| Task objective |
Only the lines from the one containing "Some of the text" to the end of the listing below are wanted, repeated exactly.

| Given information |
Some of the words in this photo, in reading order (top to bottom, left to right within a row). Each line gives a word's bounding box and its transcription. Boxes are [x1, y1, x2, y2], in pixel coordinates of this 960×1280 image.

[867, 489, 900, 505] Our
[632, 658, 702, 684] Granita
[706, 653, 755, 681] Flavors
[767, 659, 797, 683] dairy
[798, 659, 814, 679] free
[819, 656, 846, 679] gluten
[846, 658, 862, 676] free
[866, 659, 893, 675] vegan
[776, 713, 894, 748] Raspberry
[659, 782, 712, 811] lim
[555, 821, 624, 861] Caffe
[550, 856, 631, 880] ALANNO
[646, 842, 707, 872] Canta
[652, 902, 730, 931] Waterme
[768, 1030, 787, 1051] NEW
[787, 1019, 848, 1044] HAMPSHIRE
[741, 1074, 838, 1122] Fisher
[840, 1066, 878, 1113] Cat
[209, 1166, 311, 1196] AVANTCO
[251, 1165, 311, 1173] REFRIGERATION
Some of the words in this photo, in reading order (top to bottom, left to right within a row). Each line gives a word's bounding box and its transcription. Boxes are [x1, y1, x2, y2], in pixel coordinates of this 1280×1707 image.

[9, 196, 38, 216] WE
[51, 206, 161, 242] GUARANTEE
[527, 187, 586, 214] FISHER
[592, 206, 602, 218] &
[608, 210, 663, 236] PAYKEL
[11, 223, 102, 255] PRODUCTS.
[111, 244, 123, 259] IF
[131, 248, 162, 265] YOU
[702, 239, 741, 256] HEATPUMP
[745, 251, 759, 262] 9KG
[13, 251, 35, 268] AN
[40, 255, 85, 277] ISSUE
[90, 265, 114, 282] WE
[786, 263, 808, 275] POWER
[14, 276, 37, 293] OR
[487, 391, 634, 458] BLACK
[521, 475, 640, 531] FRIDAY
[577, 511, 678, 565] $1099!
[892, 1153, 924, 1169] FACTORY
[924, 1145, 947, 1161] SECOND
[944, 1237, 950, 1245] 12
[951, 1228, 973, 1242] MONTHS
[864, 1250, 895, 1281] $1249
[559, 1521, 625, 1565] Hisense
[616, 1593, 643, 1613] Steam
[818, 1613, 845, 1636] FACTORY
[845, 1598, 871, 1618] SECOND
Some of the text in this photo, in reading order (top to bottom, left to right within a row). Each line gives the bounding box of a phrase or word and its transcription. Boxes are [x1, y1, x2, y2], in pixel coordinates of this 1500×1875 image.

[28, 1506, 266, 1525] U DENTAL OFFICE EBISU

| Response below |
Some of the text in this photo, in reading order (top to bottom, left to right within a row). Each line gives the bounding box of a phrase or word and its transcription. Boxes are [x1, y1, x2, y2], in pixel coordinates of this 1500×1875 image.

[28, 1506, 266, 1525] U DENTAL OFFICE EBISU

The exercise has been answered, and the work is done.